La Scala de Milan, en italien Teatro alla Scala (ou simplement la Scala) à Milan, datant de 1778, est un théâtre d'opéra italien.

Avec le Teatro San Carlo de Naples, qui date de la même époque, et la Fenice de Venise, bâti quatre ans après, la Scala fait partie des salles d'opéra italiennes de renommée internationale.
 

L'opéra a été construit en deux ans par l'architecte Giuseppe Piermarini sur la commande de Marie-Thérèse d'Autriche après la destruction par le feu de l'ancien théâtre ducal. Il a été inauguré le 3 août 1778 en présence de l'archiduc Ferdinand d'Autriche avec l'opéra l'Europa riconosciuta d'Antonio Salieri et le ballet Apollo placato de Giuseppe Canziani. Le site choisi est celui de l'église Santa Maria della Scala (« Vierge à l'échelle ») qui fut démolie à cette occasion, laissant son nom au théâtre et son patrimoine artistique à l'église voisine de San Fedele.

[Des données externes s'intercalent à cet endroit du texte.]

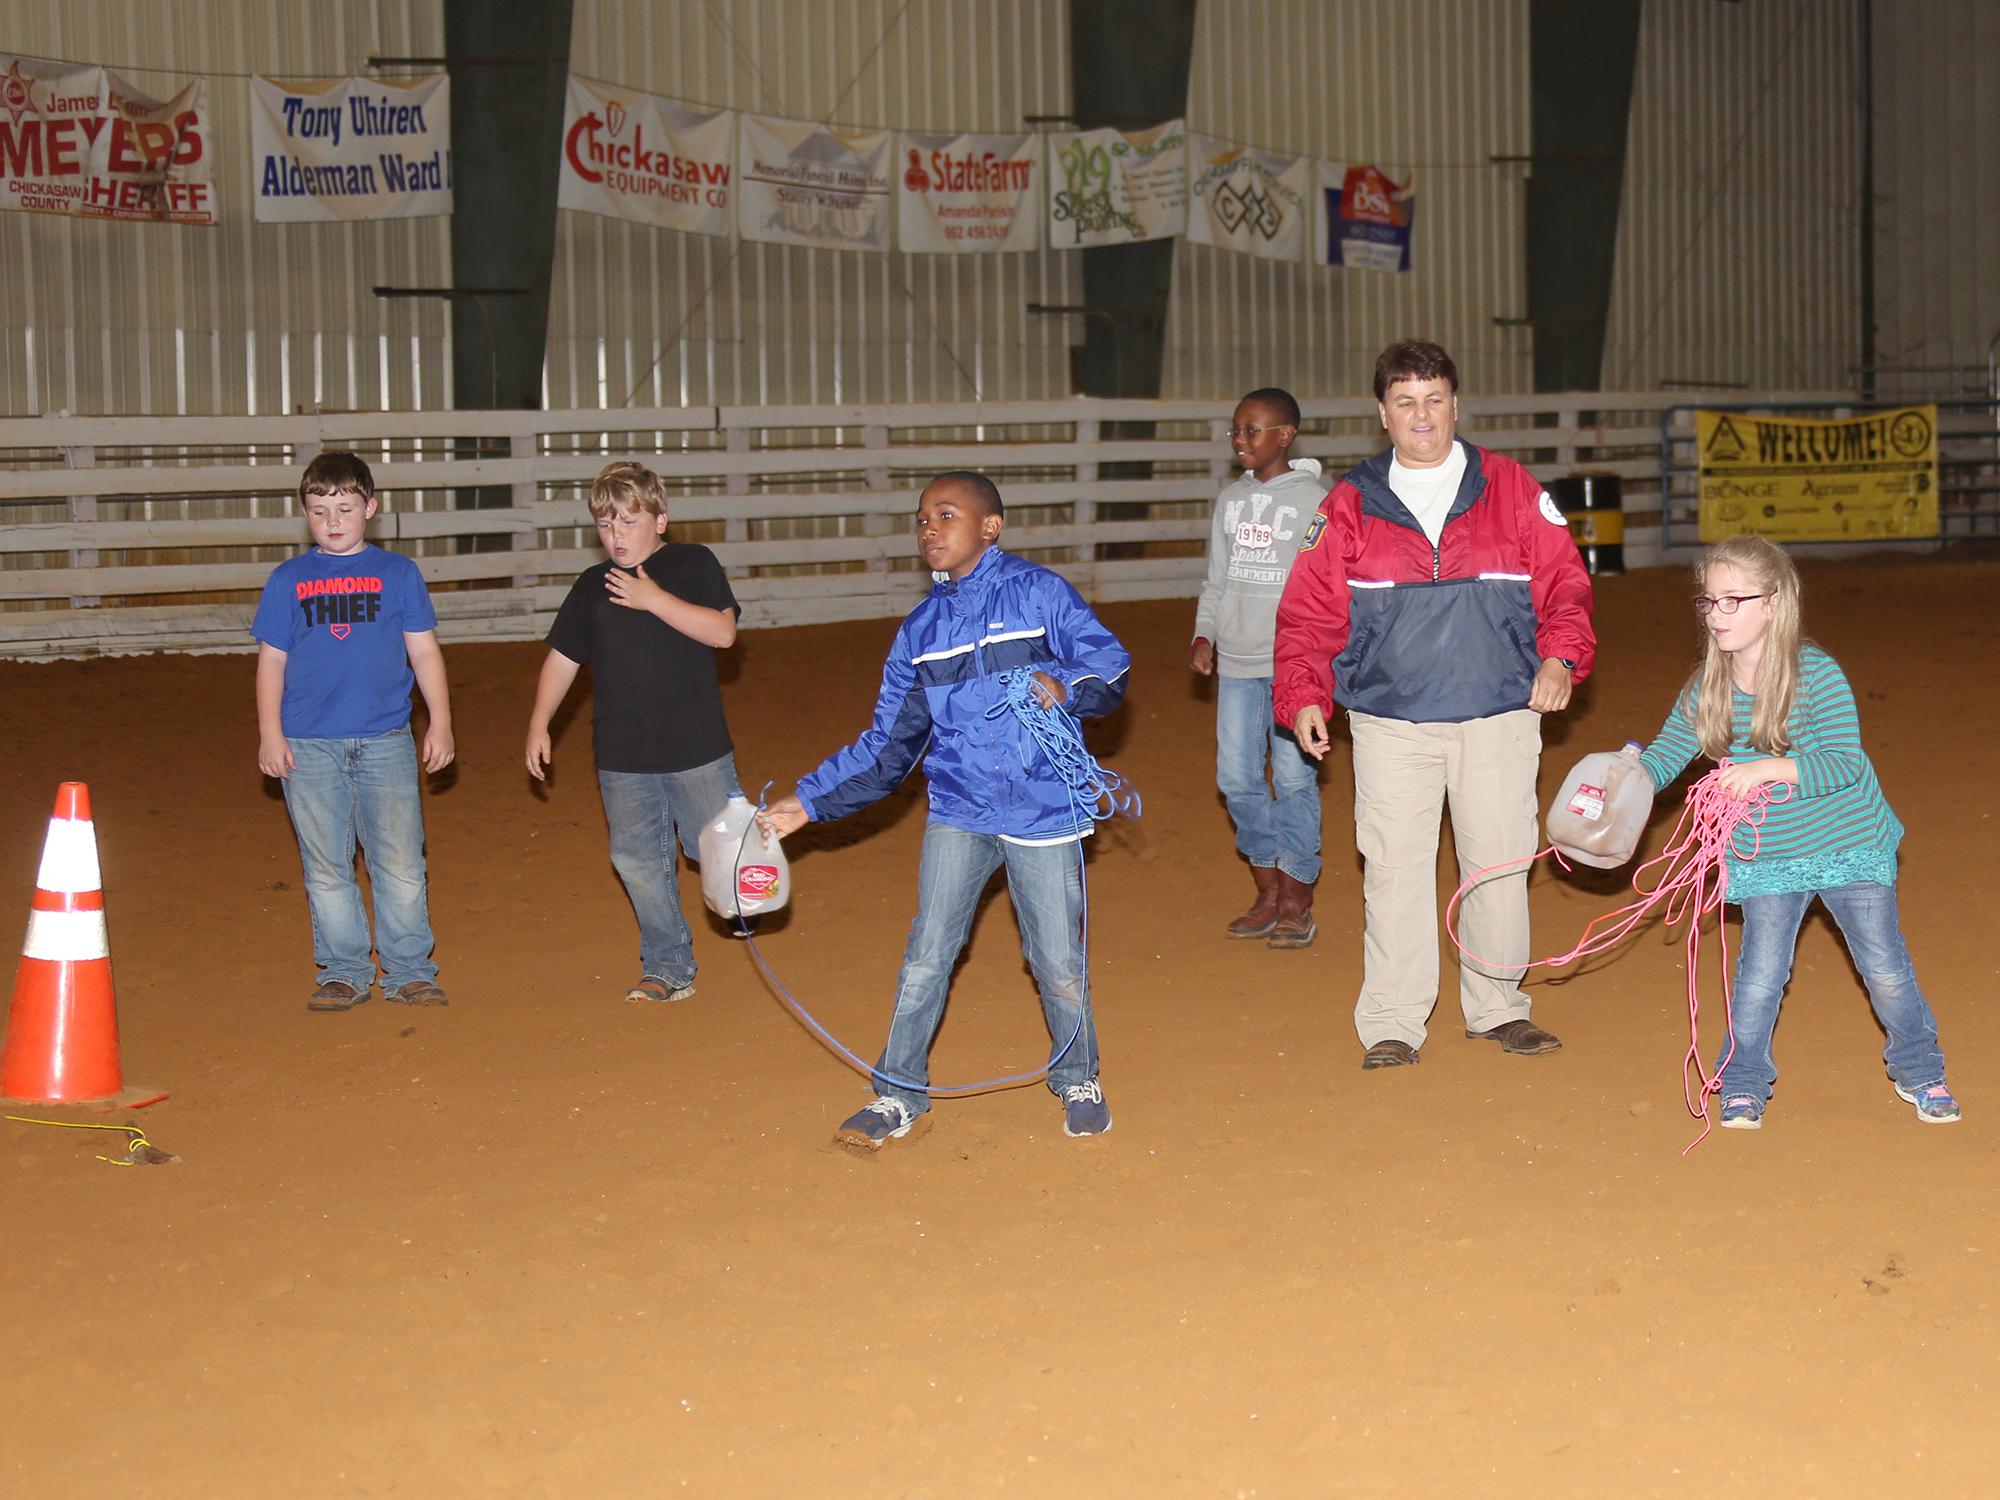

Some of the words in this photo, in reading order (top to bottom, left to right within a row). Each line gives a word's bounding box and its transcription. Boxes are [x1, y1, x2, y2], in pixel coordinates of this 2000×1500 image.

[47, 93, 101, 112] Jame
[282, 97, 341, 146] Tony
[0, 110, 203, 179] MEYERS
[566, 108, 730, 187] Chickasaw
[261, 155, 378, 197] Alderman
[379, 150, 442, 193] Ward
[752, 158, 799, 181] Memorial
[9, 181, 82, 200] CHICKASAW
[21, 196, 70, 211] COUNTY
[606, 170, 699, 205] EQUIPMENT
[1755, 418, 1888, 463] WELCOME!
[295, 575, 384, 600] DIAMOND
[300, 593, 382, 628] THIEF

Ce théâtre vit l'évolution de l'opéra italien avec Domenico Cimarosa, la création de plusieurs opéras majeurs du répertoire italien dont le Il turco in Italia de Rossini, Il Pirata (1827) et surtout Norma (1831) de Vincenzo Bellini. La salle souffre cependant de la concurrence des autres sites dont le Teatro Carcano situé dans la même ville et qui voit la création de plusieurs œuvres majeures.

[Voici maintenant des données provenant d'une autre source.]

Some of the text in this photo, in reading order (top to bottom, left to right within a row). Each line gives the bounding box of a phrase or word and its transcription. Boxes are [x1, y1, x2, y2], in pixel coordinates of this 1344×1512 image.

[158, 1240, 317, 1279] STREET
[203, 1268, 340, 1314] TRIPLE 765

C'est Giuseppe Verdi qui y fait les premières de plusieurs grandes œuvres et qui permet à la salle de parvenir au prestige actuel, même si ce dernier délaisse le lieu à partir de 1845. La Scala donne encore des représentations prestigieuses mais il n' y a plus guère de création majeure. Verdi revient alors avec Aida en 1872 (créée en Égypte l'année précédente), Otello (1887) et Falstaff en 1893.

La Scala a donné de nombreuses représentations des opéras de Richard Wagner ainsi que ceux des post-véristes.